### About this exercise
Every record that follows should be written out word for word; the pictures stay out.
*** Opening Material to process ***
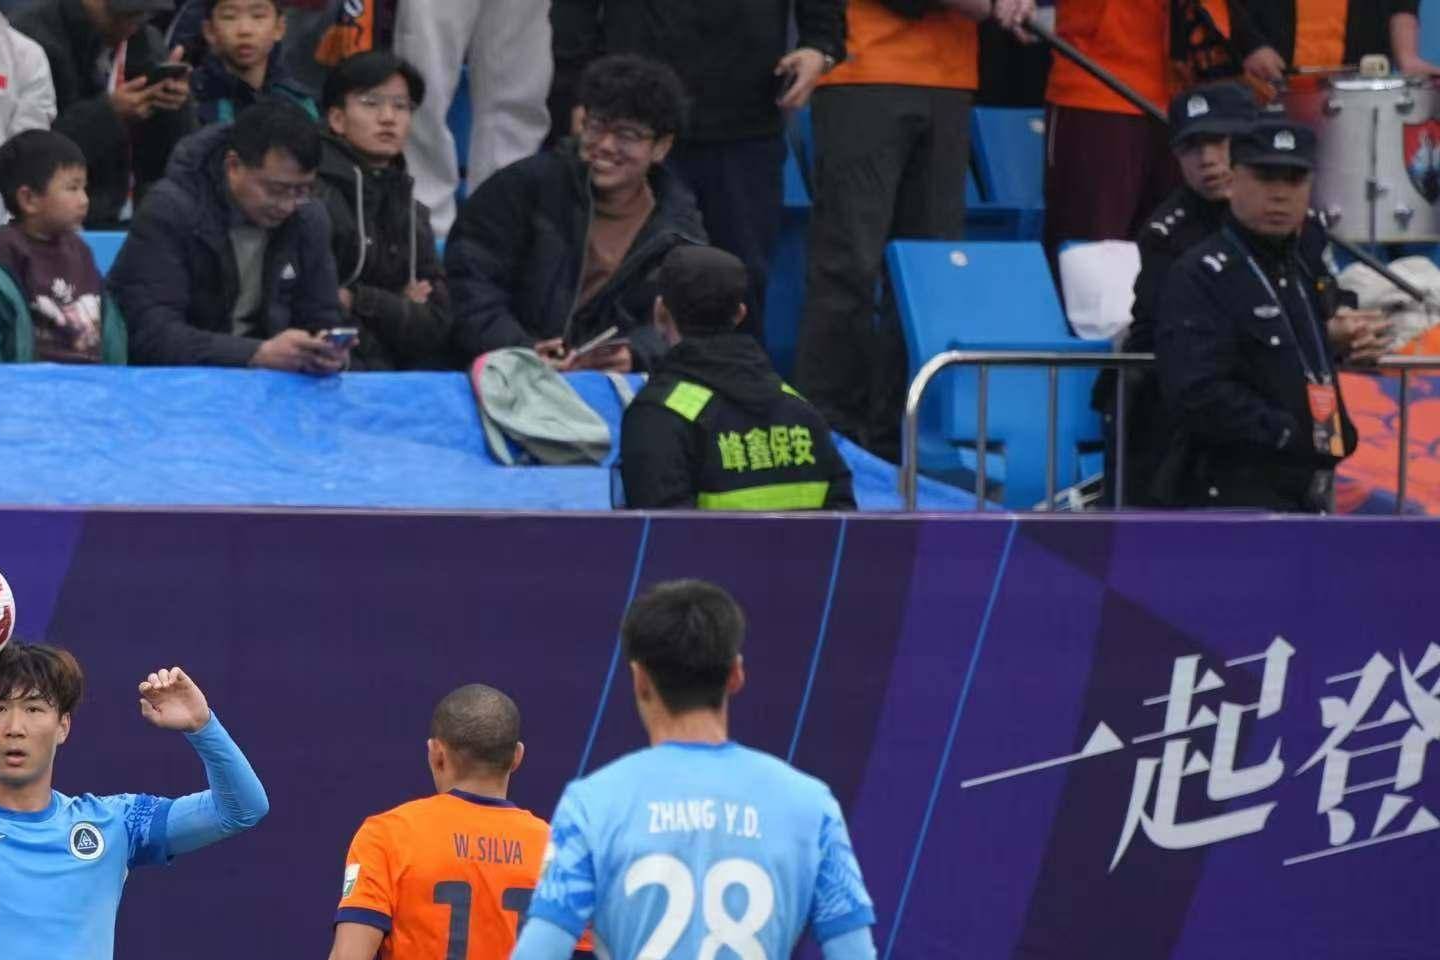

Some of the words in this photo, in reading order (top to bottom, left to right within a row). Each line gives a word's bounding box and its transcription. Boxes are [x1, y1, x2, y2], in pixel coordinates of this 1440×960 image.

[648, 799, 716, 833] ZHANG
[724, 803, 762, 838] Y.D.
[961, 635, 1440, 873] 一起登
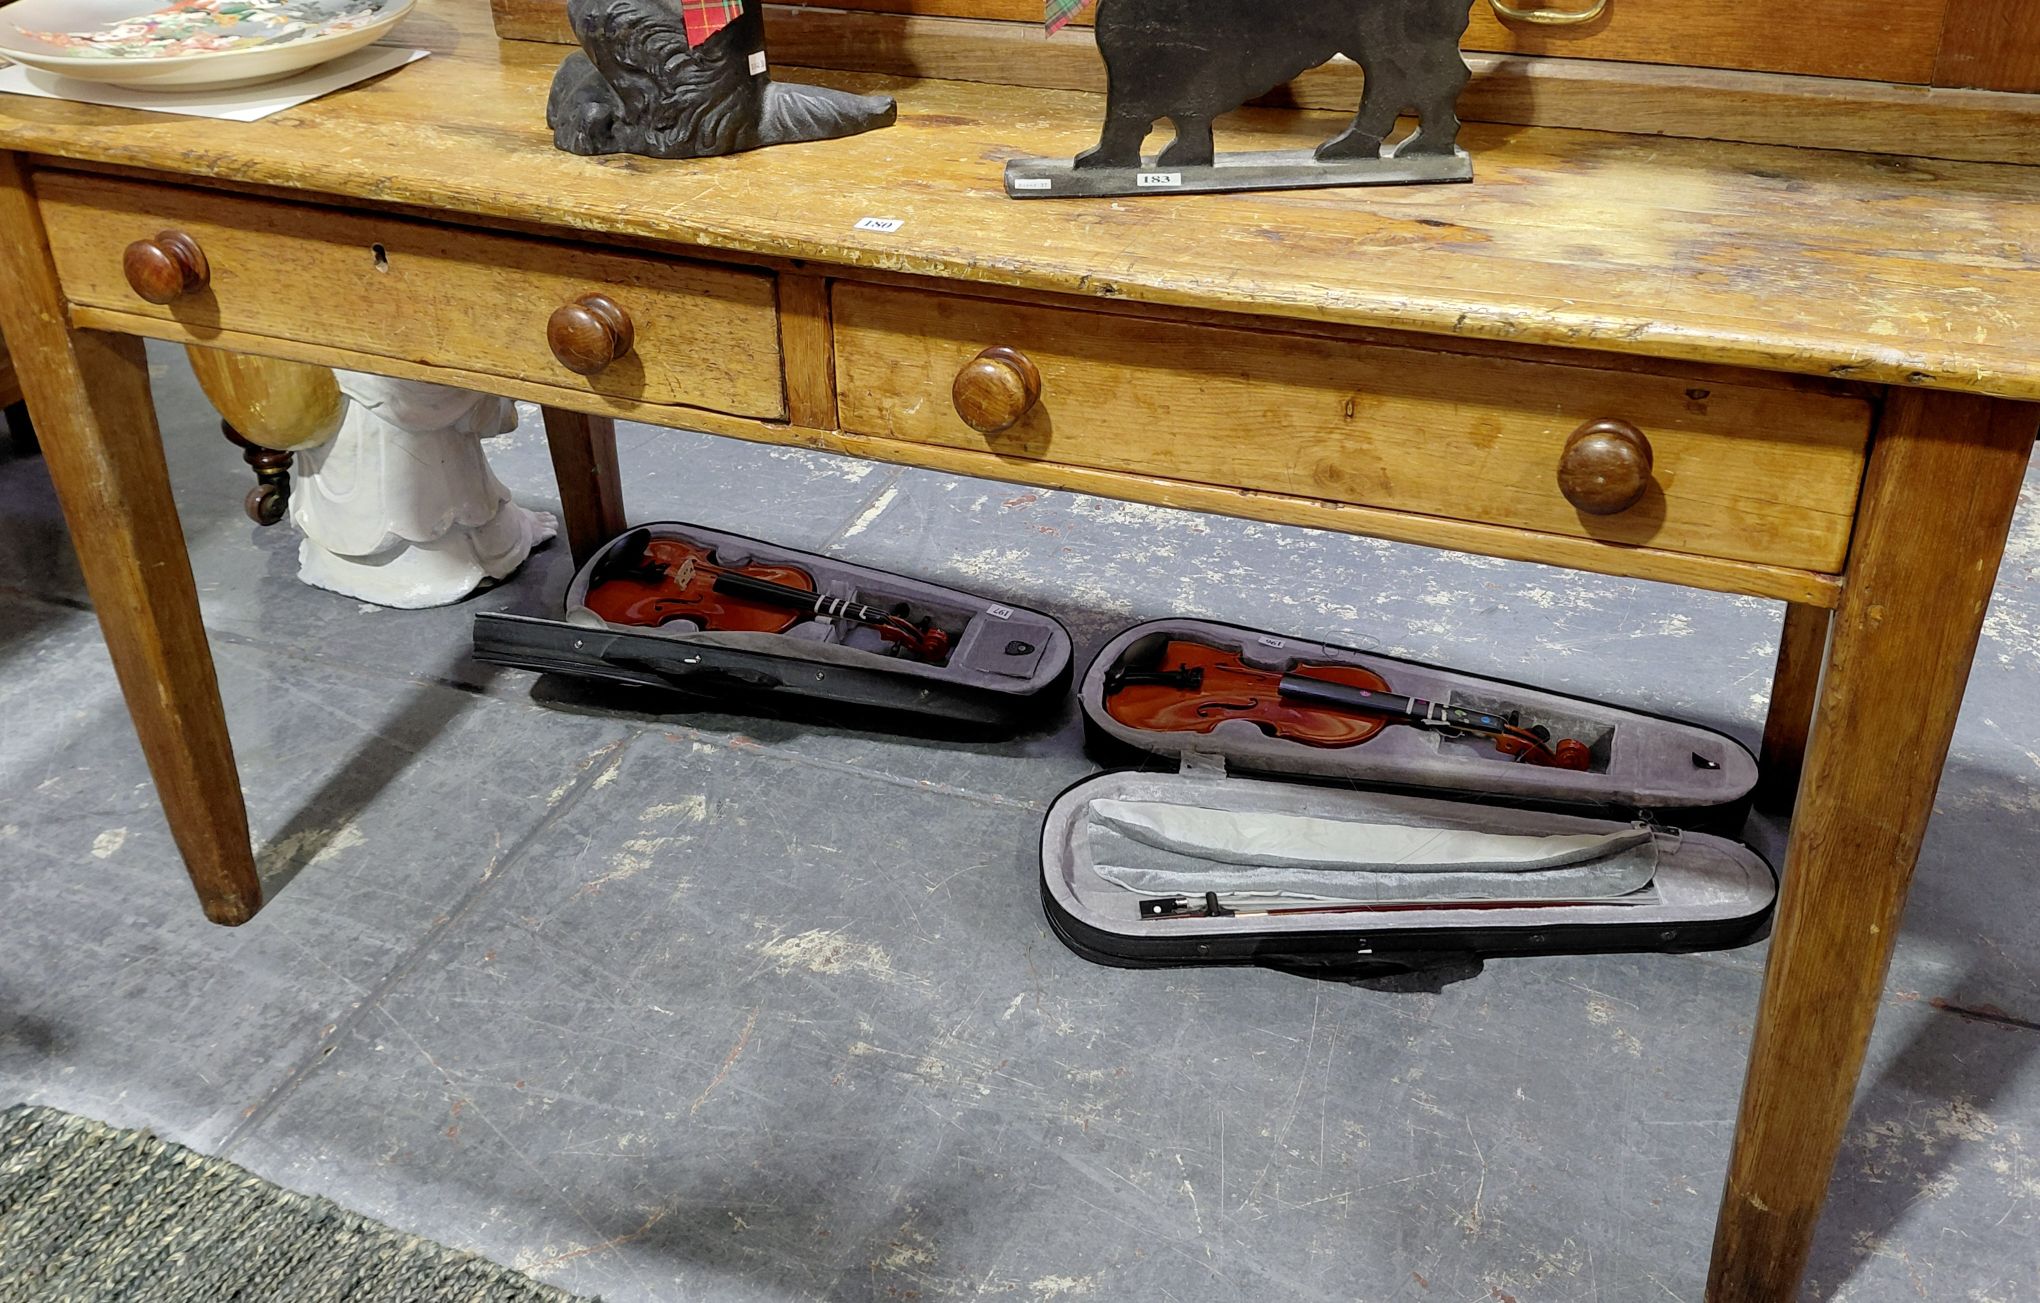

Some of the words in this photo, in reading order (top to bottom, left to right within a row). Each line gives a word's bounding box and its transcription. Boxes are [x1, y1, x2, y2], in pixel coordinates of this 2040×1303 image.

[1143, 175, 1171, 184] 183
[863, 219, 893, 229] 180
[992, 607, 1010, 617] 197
*** Closing Material to process ***
### Solution for this task
Some of the words in this photo, in reading order (top to bottom, left to right within a row). Each line gives a word's bounding box and its transcription. Boxes are [x1, y1, x2, y2], in pixel coordinates of this 1440×960 image.

[648, 799, 716, 833] ZHANG
[724, 803, 762, 838] Y.D.
[961, 635, 1440, 873] 一起登

Some of the words in this photo, in reading order (top to bottom, left to right within a row). Each line gives a word's bounding box and its transcription. Boxes are [x1, y1, x2, y2], in pixel coordinates of this 2040×1303 image.

[1143, 175, 1171, 184] 183
[863, 219, 893, 229] 180
[992, 607, 1010, 617] 197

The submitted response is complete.